Problem to solve. Word for word, give the data again without its pictures.

Source records:
▼
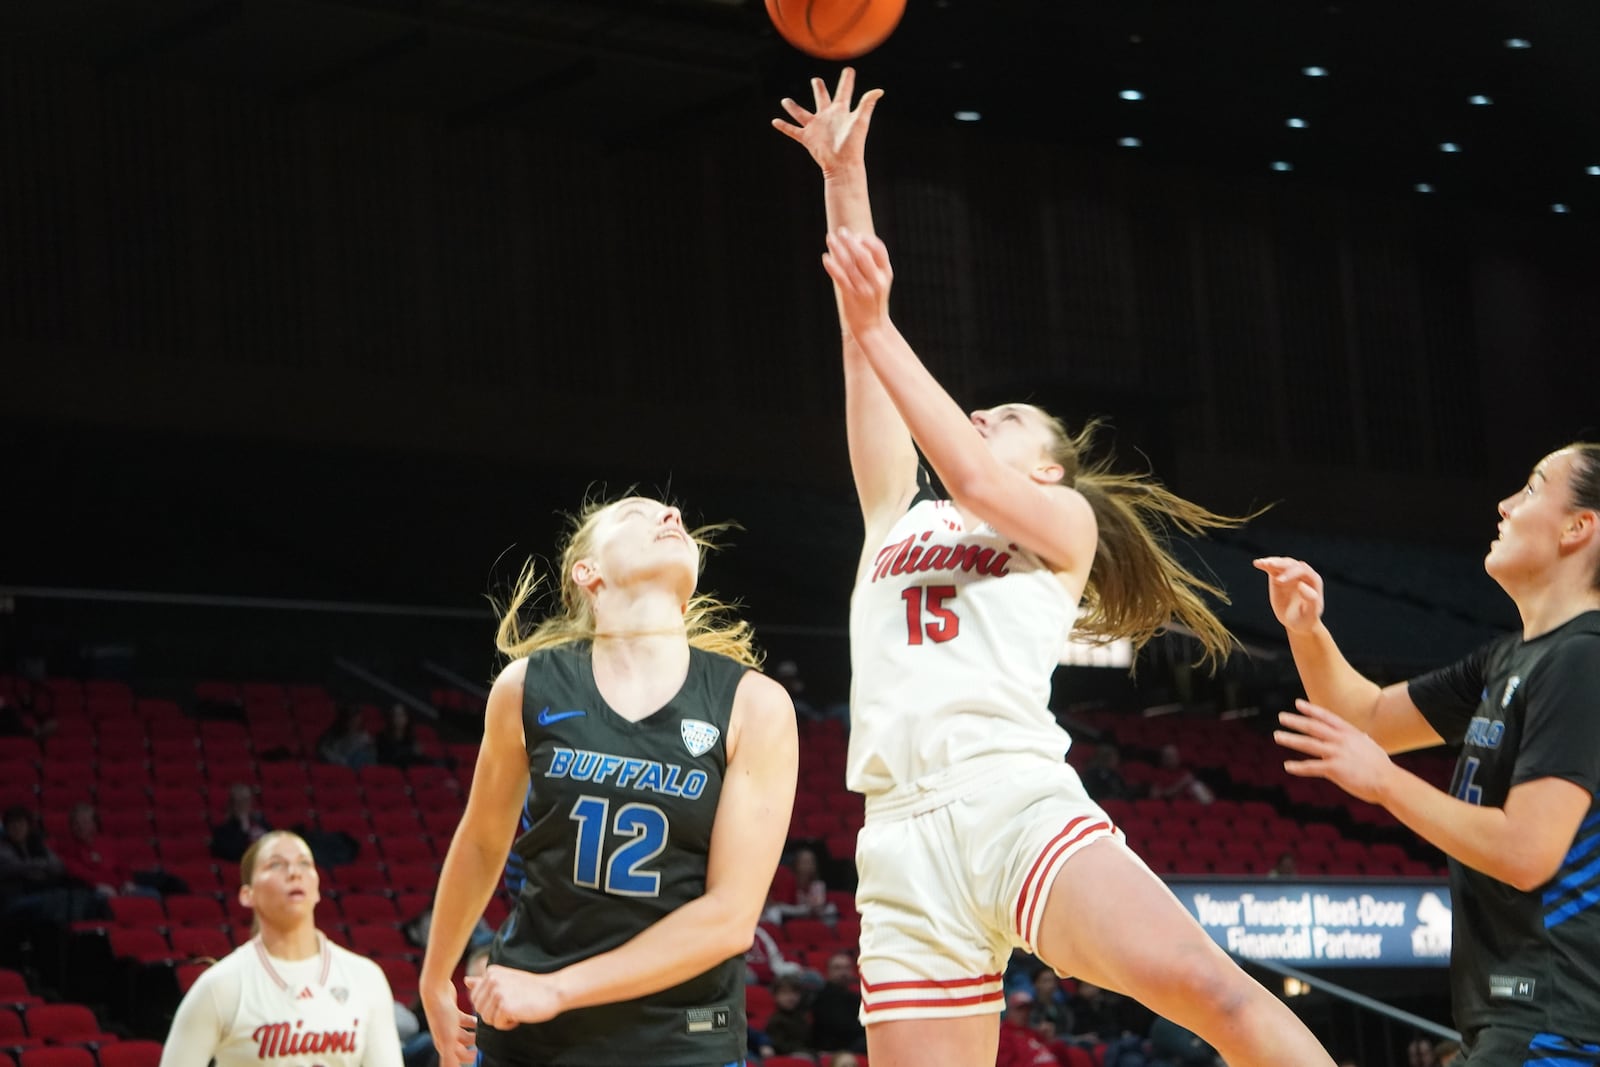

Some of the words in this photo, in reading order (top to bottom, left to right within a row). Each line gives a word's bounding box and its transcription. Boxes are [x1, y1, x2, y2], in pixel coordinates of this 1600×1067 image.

[872, 530, 1018, 583] Miami
[901, 585, 960, 646] 15
[545, 747, 708, 800] BUFFALO
[569, 794, 670, 898] 12
[1193, 893, 1240, 926] Your
[1240, 892, 1312, 926] Trusted
[1313, 894, 1406, 926] Next-Door
[1227, 926, 1312, 959] Financial
[1312, 926, 1383, 959] Partner
[1519, 982, 1529, 995] M
[252, 1018, 359, 1060] Miami
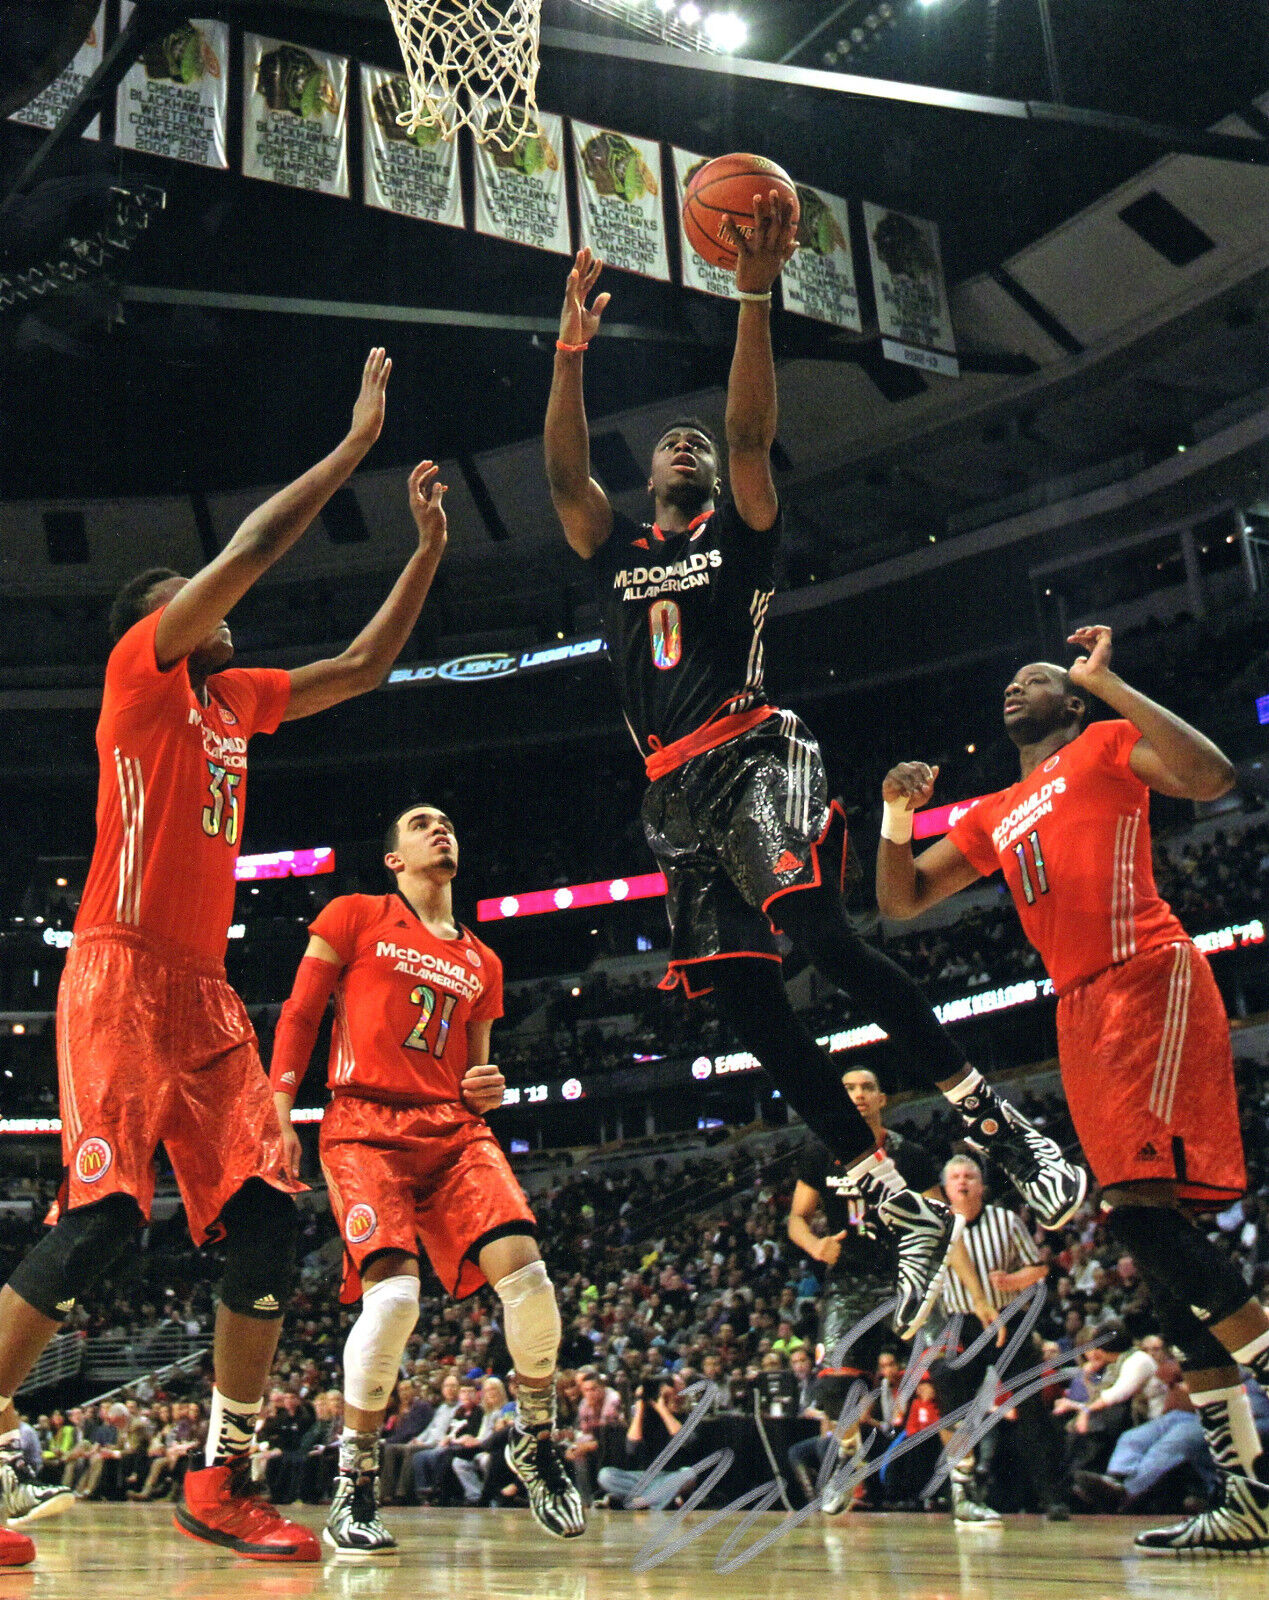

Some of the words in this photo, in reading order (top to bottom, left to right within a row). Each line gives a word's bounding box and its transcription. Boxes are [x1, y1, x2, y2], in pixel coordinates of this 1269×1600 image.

[130, 88, 215, 118] BLACKHAWKS
[147, 81, 200, 104] CHICAGO
[129, 112, 214, 141] CONFERENCE
[141, 103, 204, 126] WESTERN
[135, 125, 209, 151] CHAMPIONS
[256, 120, 338, 146] BLACKHAWKS
[256, 143, 337, 172] CONFERENCE
[263, 155, 332, 181] CHAMPIONS
[375, 148, 450, 177] BLACKHAWKS
[377, 171, 451, 200] CONFERENCE
[498, 169, 544, 190] CHICAGO
[383, 185, 446, 210] CHAMPIONS
[391, 199, 439, 220] 1972-73
[493, 189, 550, 214] CAMPBELL
[599, 196, 643, 217] CHICAGO
[487, 198, 558, 227] CONFERENCE
[493, 211, 554, 238] CHAMPIONS
[588, 202, 658, 231] BLACKHAWKS
[505, 228, 544, 247] 1971-72
[591, 225, 658, 254] CONFERENCE
[594, 216, 650, 242] CAMPBELL
[596, 239, 655, 264] CHAMPIONS
[606, 253, 646, 274] 1970-71
[648, 599, 682, 670] 0
[388, 666, 437, 683] BUD
[450, 656, 516, 676] LIGHT
[520, 638, 602, 668] LEGENDS
[202, 758, 241, 846] 35
[1012, 830, 1049, 905] 11
[401, 984, 458, 1059] 21
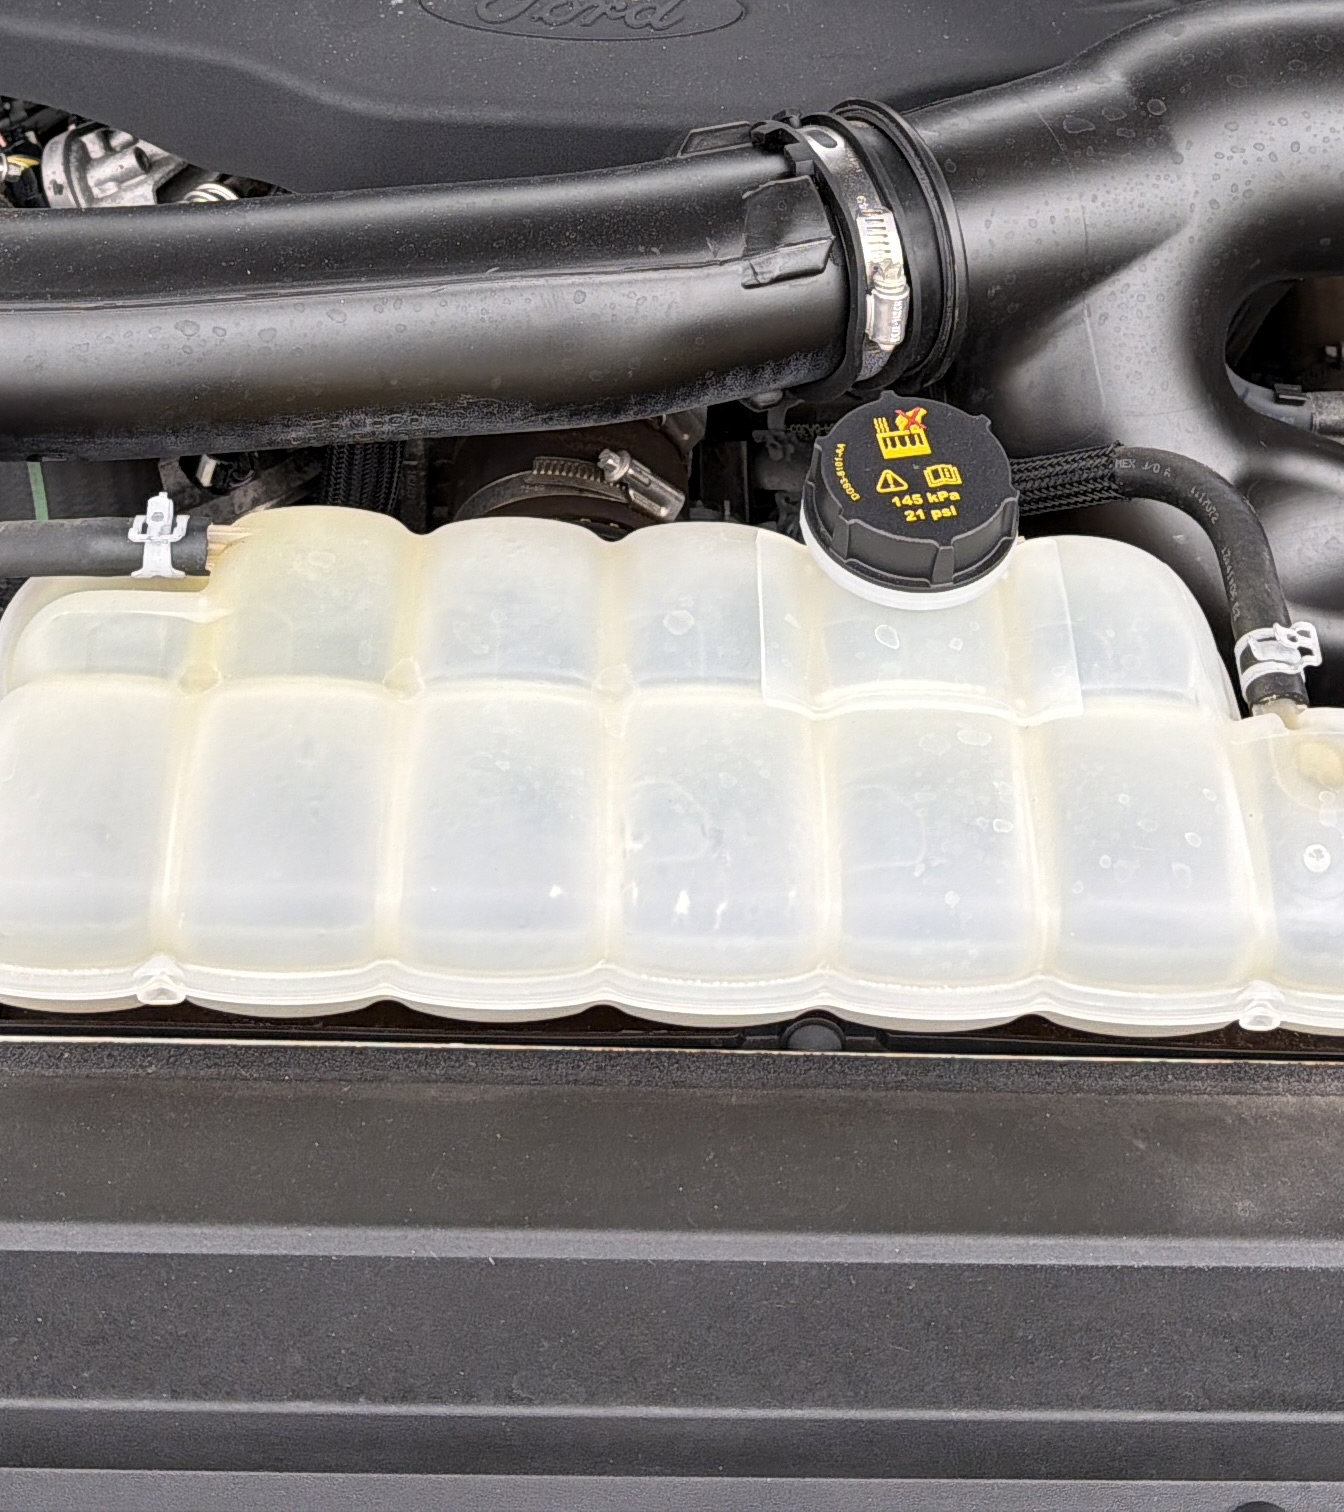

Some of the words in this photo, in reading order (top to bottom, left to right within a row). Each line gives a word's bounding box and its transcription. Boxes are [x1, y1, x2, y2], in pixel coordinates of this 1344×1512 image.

[892, 492, 924, 508] 145
[927, 491, 961, 504] kPa
[904, 511, 926, 523] 21
[932, 507, 958, 522] psi
▲
Response to the task.
Some of the words in this photo, in reading order (top to bottom, left to right within a row). Each line gives a word's bounding box and its transcription. Boxes are [x1, y1, x2, y2], in pixel coordinates of this 1600×1067 image.

[872, 530, 1018, 583] Miami
[901, 585, 960, 646] 15
[545, 747, 708, 800] BUFFALO
[569, 794, 670, 898] 12
[1193, 893, 1240, 926] Your
[1240, 892, 1312, 926] Trusted
[1313, 894, 1406, 926] Next-Door
[1227, 926, 1312, 959] Financial
[1312, 926, 1383, 959] Partner
[1519, 982, 1529, 995] M
[252, 1018, 359, 1060] Miami

Some of the words in this photo, in reading order (top to bottom, left to right within a row). Each line gives a word's bounding box and its transcription. Boxes are [x1, y1, x2, y2], in pixel coordinates of this 1269×1600 image.

[130, 88, 215, 118] BLACKHAWKS
[147, 81, 200, 104] CHICAGO
[129, 112, 214, 141] CONFERENCE
[141, 103, 204, 126] WESTERN
[135, 125, 209, 151] CHAMPIONS
[256, 120, 338, 146] BLACKHAWKS
[256, 143, 337, 172] CONFERENCE
[263, 155, 332, 181] CHAMPIONS
[375, 148, 450, 177] BLACKHAWKS
[377, 171, 451, 200] CONFERENCE
[498, 169, 544, 190] CHICAGO
[383, 185, 446, 210] CHAMPIONS
[391, 199, 439, 220] 1972-73
[493, 189, 550, 214] CAMPBELL
[599, 196, 643, 217] CHICAGO
[487, 198, 558, 227] CONFERENCE
[493, 211, 554, 238] CHAMPIONS
[588, 202, 658, 231] BLACKHAWKS
[505, 228, 544, 247] 1971-72
[591, 225, 658, 254] CONFERENCE
[594, 216, 650, 242] CAMPBELL
[596, 239, 655, 264] CHAMPIONS
[606, 253, 646, 274] 1970-71
[648, 599, 682, 670] 0
[388, 666, 437, 683] BUD
[450, 656, 516, 676] LIGHT
[520, 638, 602, 668] LEGENDS
[202, 758, 241, 846] 35
[1012, 830, 1049, 905] 11
[401, 984, 458, 1059] 21

Some of the words in this photo, in reading order (top to bottom, left to right within a row). Each line gives a word's bounding box and its transcription. Boxes are [x1, y1, x2, y2], in pixel coordinates of this 1344×1512 image.

[892, 492, 924, 508] 145
[927, 491, 961, 504] kPa
[904, 511, 926, 523] 21
[932, 507, 958, 522] psi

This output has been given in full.